Pogacar es el divo, el arte hecho ciclista. ¿Y qué es Vingegaard? Pues quiero ser como el abogado de las causas perdidas: es el alma de la carrera, porque si él no estuviera aquí, el Tour sería tan aburrido como fue el Giro, un ser superior que gana cuando quiere y de la forma que quiere, sin nadie bailando a su son, campando a sus anchas, haciendo lo que le da la gana y el que deja la carrera sentenciada a la segunda etapa.

Uno necesita del otro

Pogacar necesita a Vingegaard para que sus victorias sean más grandes si cabe, porque no gana a un corredor que tiene en el Plateau de Beille o en Pla d’Adet su tarde de gloria y luego si te he visto no me acuerdo. Falso. Vence al único que le ha derrotado, el único que se atreve a tocarle la cara, a hablar su misma lengua y a subir por rampas casi de garaje a una velocidad de vértigo.

El año ciclista 2024 quedó marcado por una tarde maldita en un puerto alavés que se denominaba Olaeta. 4 de abril, jueves, cuarta etapa de la Itzulia, la denominación de la Vuelta al País Vasco. Caen todos los favoritos y, entre ellos, Vingegaard que se lleva la peor parte: se rompe la clavícula, un dedo de la mano y un montón de costillas que al astillarse penetran en su pulmón y le causan un neumotórax. Se pasa 12 días en el hospital, parte de ellos en cuidados intensivos y sale emblanquecido con la masa muscular hecha añicos y con todo el trabajo deportivo a la basura.
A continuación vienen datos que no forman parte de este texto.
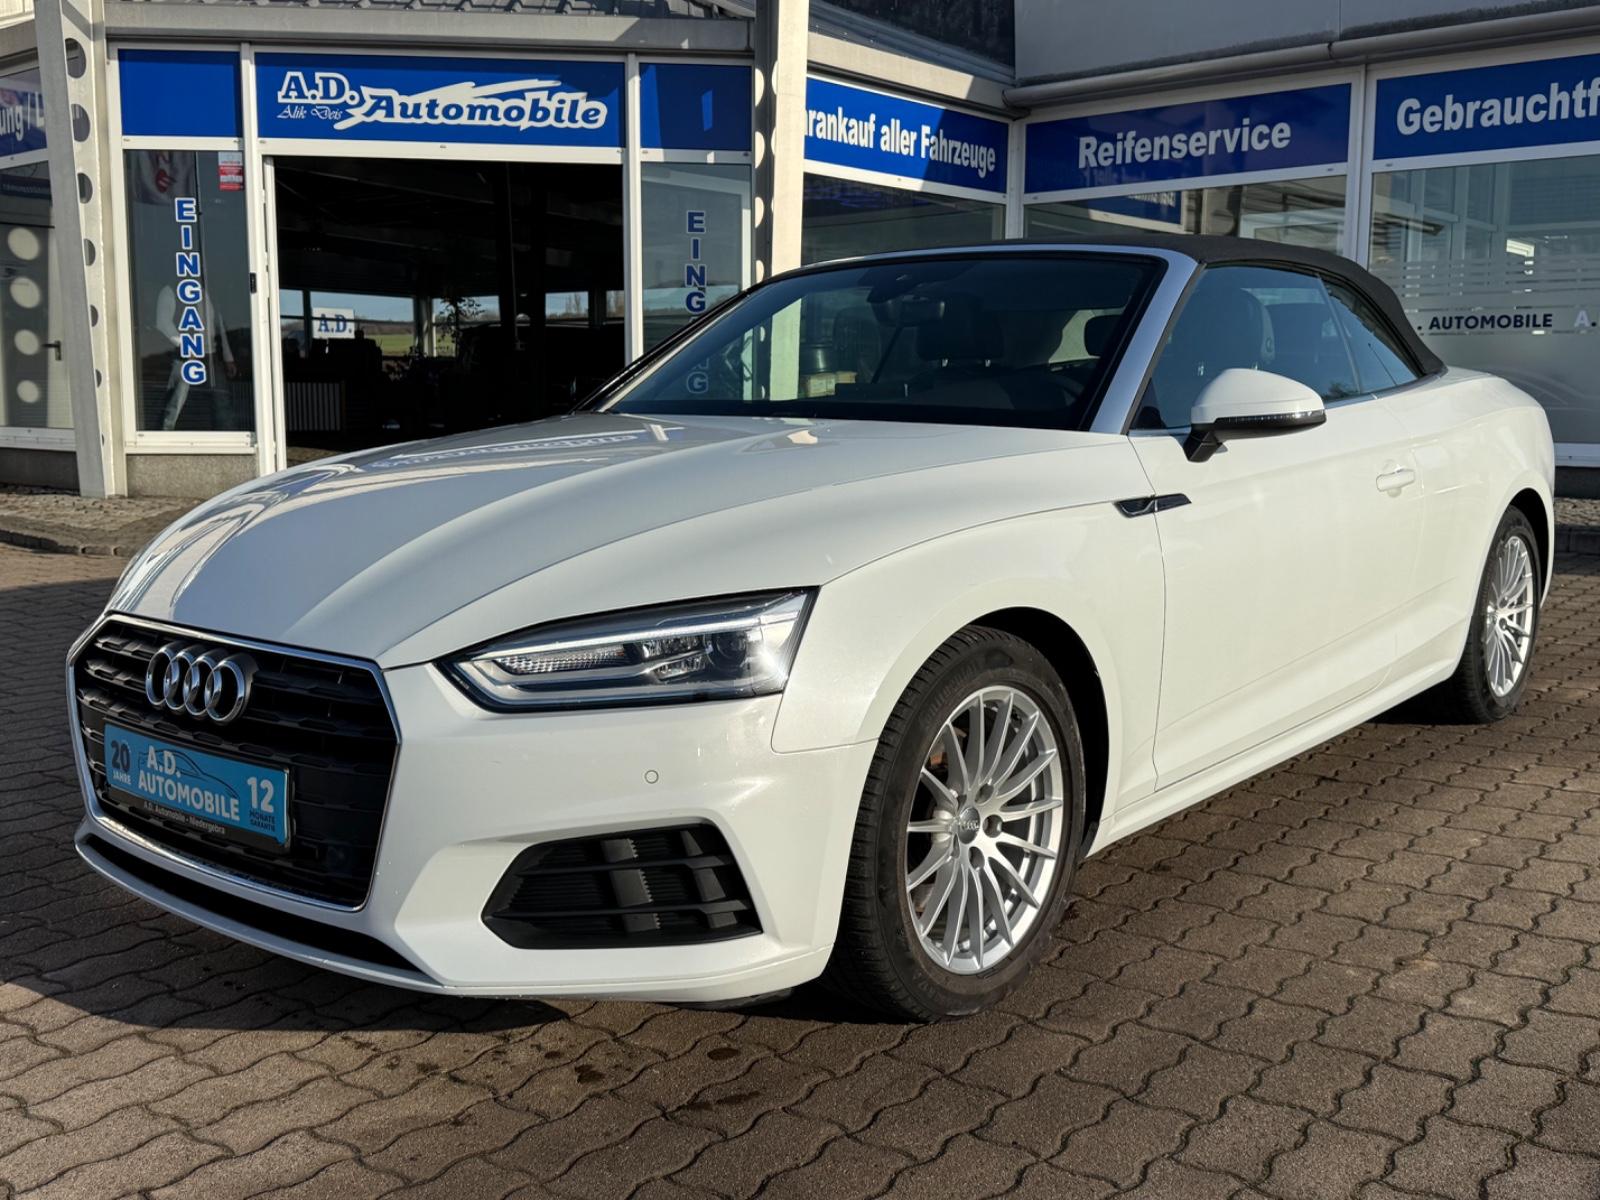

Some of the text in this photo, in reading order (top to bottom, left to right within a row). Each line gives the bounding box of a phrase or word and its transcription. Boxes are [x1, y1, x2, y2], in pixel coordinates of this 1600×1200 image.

[277, 105, 306, 119] Alik
[278, 71, 607, 130] A.D. Automobile
[880, 118, 917, 157] aller
[920, 124, 996, 178] Fahrzeuge
[1078, 117, 1292, 169] Reifenservice
[175, 197, 206, 384] EINGANG
[318, 313, 352, 333] A.D.
[1429, 313, 1553, 331] AUTOMOBILE
[110, 739, 131, 773] 20
[147, 744, 182, 778] A.D.
[138, 770, 241, 821] AUTOMOBILE
[247, 776, 274, 813] 12
Pero abandona el hospital vivo, con el alta anunciando que en unas semanas ya estará curado y con el miedo sobrevolando en su cerebro porque creyó que moría y su mujer, que lo estaba viendo por la tele, lo vio tan negro que pensó que el hijo que llevaba en el vientre nunca llegaría a conocer a su padre.

Salvar la vida

Lo que menos importó en ese momento era el ciclismo, el deporte, el futuro de uno de los grandes deportistas de la actualidad. Lo único que valía era salvar la vida, dando igual si volvería o no a montar en una bici para luchar por el jersey amarillo del Tour, que llevó los dos últimos años y que ahora viste Pogacar con la sensación de ir diciendo que santa Rita lo que se da no se quita.

Uno necesita del otro y Pogacar precisa que esta última semana que comienza el martes Vingegaard no se rinda y vuelva a reventar como no se recuerda al pelotón del Tour, hasta el punto de que seguro que hay algún corredor que los odia, porque una cosa es ganar y la otra es destrozarlos.

Por eso, aunque los niños le pidan más autógrafos y más selfies, hay que ensalzar a Vingegaard al igual que a Pogacar. Por eso, merece ser el abogado de las causas perdidas y porque por muy fuerte que esté el fenómeno esloveno, al que se le puede bautizar sin error a equivocarse como el Merckx del siglo XXI, sin Vingegaard a su lado las victorias tendrían menos eco, trascendencia y llegarían más fáciles, pero con menos gente mirándolas en la pantalla y sin un auténtico portento del ciclismo, más callado, pero igual de bueno, que engrandece todavía más los triunfos de Pogacar.